BEGIN

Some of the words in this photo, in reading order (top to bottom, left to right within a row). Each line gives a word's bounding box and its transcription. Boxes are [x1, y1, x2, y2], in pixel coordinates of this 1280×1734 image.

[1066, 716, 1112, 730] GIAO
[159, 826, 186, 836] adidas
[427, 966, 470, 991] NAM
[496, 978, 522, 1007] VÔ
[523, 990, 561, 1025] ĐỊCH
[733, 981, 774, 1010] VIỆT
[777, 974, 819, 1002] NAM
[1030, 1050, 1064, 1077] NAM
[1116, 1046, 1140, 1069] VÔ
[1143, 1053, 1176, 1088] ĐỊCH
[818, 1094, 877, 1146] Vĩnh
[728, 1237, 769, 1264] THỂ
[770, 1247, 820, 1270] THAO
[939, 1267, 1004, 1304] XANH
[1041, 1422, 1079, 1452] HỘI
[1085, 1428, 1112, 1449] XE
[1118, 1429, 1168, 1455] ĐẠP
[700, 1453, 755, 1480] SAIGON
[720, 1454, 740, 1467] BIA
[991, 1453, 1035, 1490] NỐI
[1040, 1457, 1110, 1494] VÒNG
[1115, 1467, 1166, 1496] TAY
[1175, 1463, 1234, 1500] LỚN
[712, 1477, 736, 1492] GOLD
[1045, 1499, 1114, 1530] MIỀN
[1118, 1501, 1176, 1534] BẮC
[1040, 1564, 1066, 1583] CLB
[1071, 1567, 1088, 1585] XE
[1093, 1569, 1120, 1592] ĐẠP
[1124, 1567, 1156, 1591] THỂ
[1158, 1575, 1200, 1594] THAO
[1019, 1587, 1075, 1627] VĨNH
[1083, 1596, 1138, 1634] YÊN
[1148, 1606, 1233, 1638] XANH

END

> _Exercise description_
The records above need to be retyped in full, exactly as they stand.

> _Written response_
Some of the words in this photo, in reading order (top to bottom, left to right within a row). Each line gives a word's bounding box and its transcription. Boxes are [x1, y1, x2, y2], in pixel coordinates of this 1280×1734 image.

[1066, 716, 1112, 730] GIAO
[159, 826, 186, 836] adidas
[427, 966, 470, 991] NAM
[496, 978, 522, 1007] VÔ
[523, 990, 561, 1025] ĐỊCH
[733, 981, 774, 1010] VIỆT
[777, 974, 819, 1002] NAM
[1030, 1050, 1064, 1077] NAM
[1116, 1046, 1140, 1069] VÔ
[1143, 1053, 1176, 1088] ĐỊCH
[818, 1094, 877, 1146] Vĩnh
[728, 1237, 769, 1264] THỂ
[770, 1247, 820, 1270] THAO
[939, 1267, 1004, 1304] XANH
[1041, 1422, 1079, 1452] HỘI
[1085, 1428, 1112, 1449] XE
[1118, 1429, 1168, 1455] ĐẠP
[700, 1453, 755, 1480] SAIGON
[720, 1454, 740, 1467] BIA
[991, 1453, 1035, 1490] NỐI
[1040, 1457, 1110, 1494] VÒNG
[1115, 1467, 1166, 1496] TAY
[1175, 1463, 1234, 1500] LỚN
[712, 1477, 736, 1492] GOLD
[1045, 1499, 1114, 1530] MIỀN
[1118, 1501, 1176, 1534] BẮC
[1040, 1564, 1066, 1583] CLB
[1071, 1567, 1088, 1585] XE
[1093, 1569, 1120, 1592] ĐẠP
[1124, 1567, 1156, 1591] THỂ
[1158, 1575, 1200, 1594] THAO
[1019, 1587, 1075, 1627] VĨNH
[1083, 1596, 1138, 1634] YÊN
[1148, 1606, 1233, 1638] XANH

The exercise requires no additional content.